# Surround sound issue.



## Damios (Dec 24, 2010)

Good morning. 

I am new to this so i hope i put up all the pertinent information. 

I have a Emerson ltdn42v68us 42 in hd tv and im trying to get the tv hooked to a rca rtb 1100 blue ray surround sound system. I have no problem with playing blu ray through the surround sound and have an exellent picture and sound. I try to switch to the tv and it comes out the tv's speakers. I have it on a hdmi cable connection and have tried two new cables now with no luck. 
The rca shows as hdmi connected so im guessing its in the tv's settings somewhere or a switch i have to change? I have tried the connection in all three hdmi slots on the back of the tv. When switching to tv when the blu ray is playing i get the tv sound through the tv's speakers while the tv picture is playing and the blu ray's sound comes through the surround sound so i hear both going at the same time. 

Any ideas? 

Thanks


----------



## yustr (Sep 27, 2004)

Welcome to TSF :wave:

If I understand you correctly, you only want sound to come through the surround speakers, not from the TV too. Correct?

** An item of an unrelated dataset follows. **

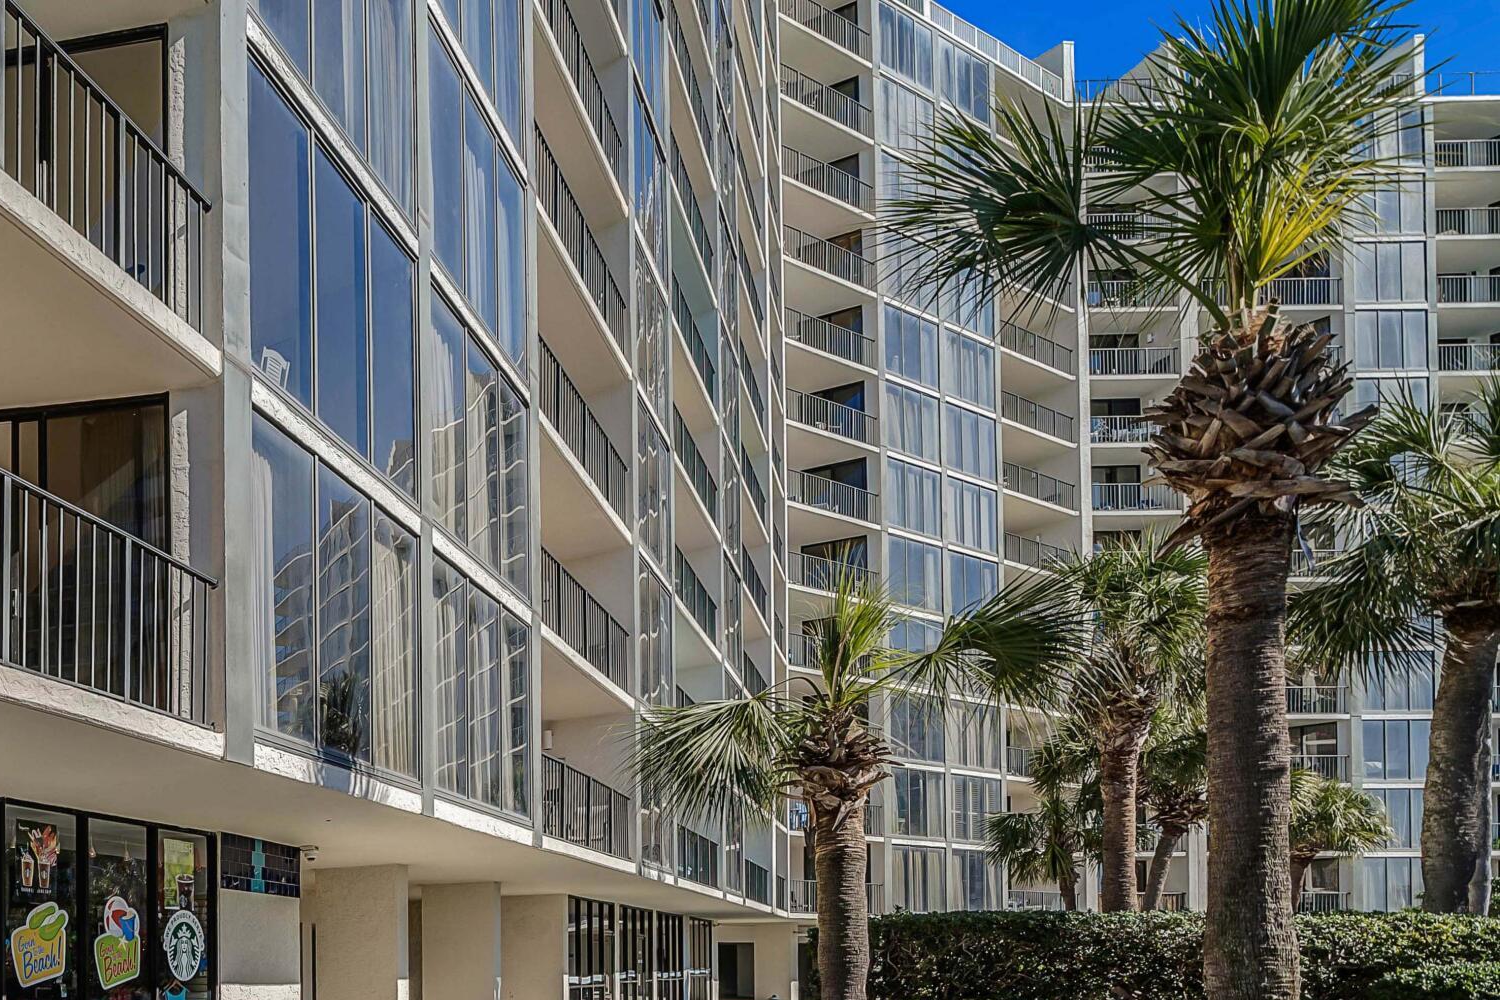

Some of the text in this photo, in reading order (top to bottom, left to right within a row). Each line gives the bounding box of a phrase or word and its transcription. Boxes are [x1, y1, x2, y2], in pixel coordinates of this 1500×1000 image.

[171, 911, 192, 926] PROUDLY
[22, 935, 62, 980] Beach!
[103, 940, 137, 983] Beach!

If so, do what I do when I'm playing a movie or TV and I only want SS; I turn the volume of the TV all the way down. That's it. I'm sure there is a setting buried in the menus to turn off the TV's speakers all together but there's really no need to.

If I've misunderstood your question, post back and we'll try to help. Include a diagram or explanation of how you have the system wired.


----------